Traditional newspapers, as you know, suffer from plunging ad revenue due to the same Big Tech oligarchs and their platforms. They’re looking for a way to continue to provide community news and still pay the bills. Big Tech billionaires don’t really care about, let’s say, The Everett Herald, unless it’s the extent to which they can direct the content via their fledglings. They’ve already subsumed, borrowed, stolen, curated, and disseminated the world’s published news, and then censored it on their platforms. As a result, Americans have got more news than we’ve ever had before, censored or not.

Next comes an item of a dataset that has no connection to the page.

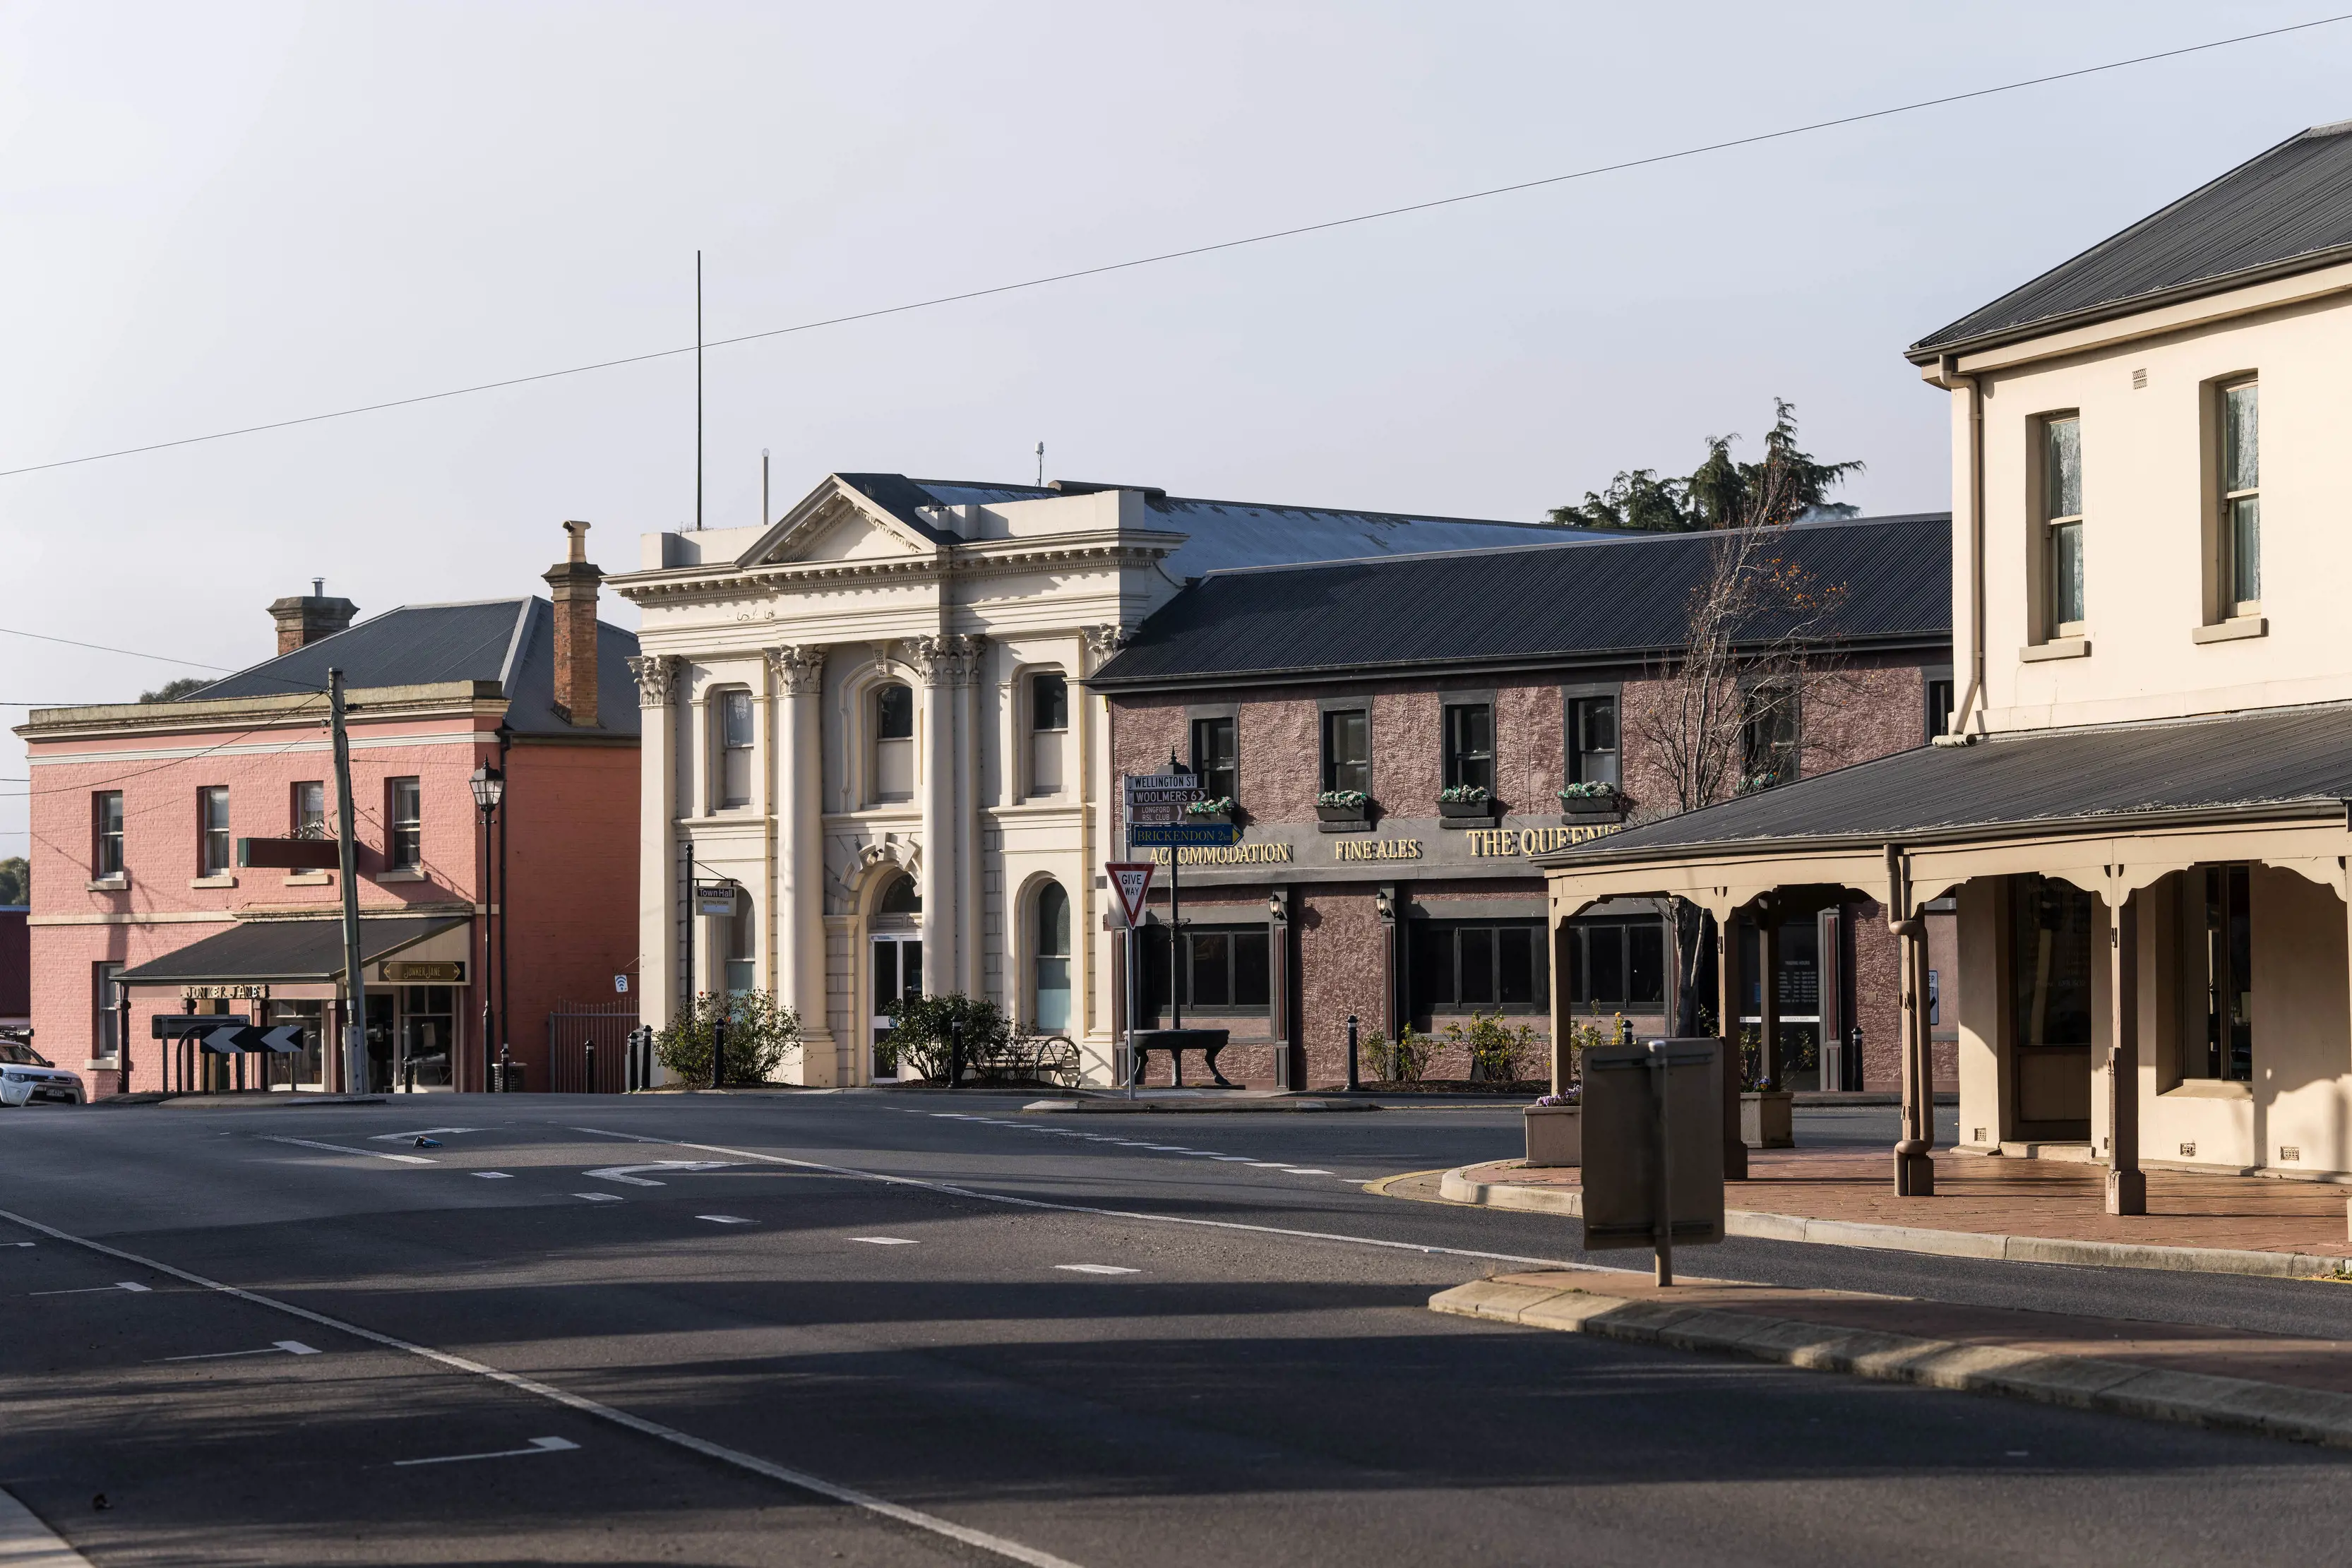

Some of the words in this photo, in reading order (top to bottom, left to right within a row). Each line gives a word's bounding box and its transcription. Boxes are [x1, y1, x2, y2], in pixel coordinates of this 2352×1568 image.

Big Tech has already signed onto the laughably Orwellian-sounding “Trusted News Initiative,” an information cartel that is the reason why most people don’t know antiviral medication ivermectin isn’t horse paste when used in humans. They’ll bring that point of view to local papers as well. Jeb at the local bait and tackle shop, Jimmy at the local garage, and Marjorie at the local nursery won’t see their views or news anymore, unless they’re woke.

In a way, Zuckerberg and the group of elites backing this Leftist idea (more on that later) is the camel’s nose under the tent. Google, Facebook, and Twitter already censor information — true information — on their platforms. Soon, they’ll do it at the local level.

Put another way, Left-wing hacks came in and took over the elections offices in cities in Wisconsin, Georgia, and Pennsylvania, among others. PJ Media colleague Matt Margolis reported that locals saw it as a take over.

Indeed, the Zuck Bucks, as they were called, were used mostly in swing states for the 2020 election to get Secretaries of State and local officials to change their election rules to make it easier to vote without verifying signatures, for example. COVID, you know.

The same Big Tech oligarchs who purposely hid censored information (Russia hoax, COVID information, Hunter Biden laptop horribles) to tip the 2020 election their way now want an even bigger say in your local news.

Report for America says it doesn’t want reporters to do “advocacy journalism,” but does want “to create a movement—an effort to re-establish journalism as a calling and a public service. We are unapologetically idealistic. This is about fighting for truth and strengthening our communities.”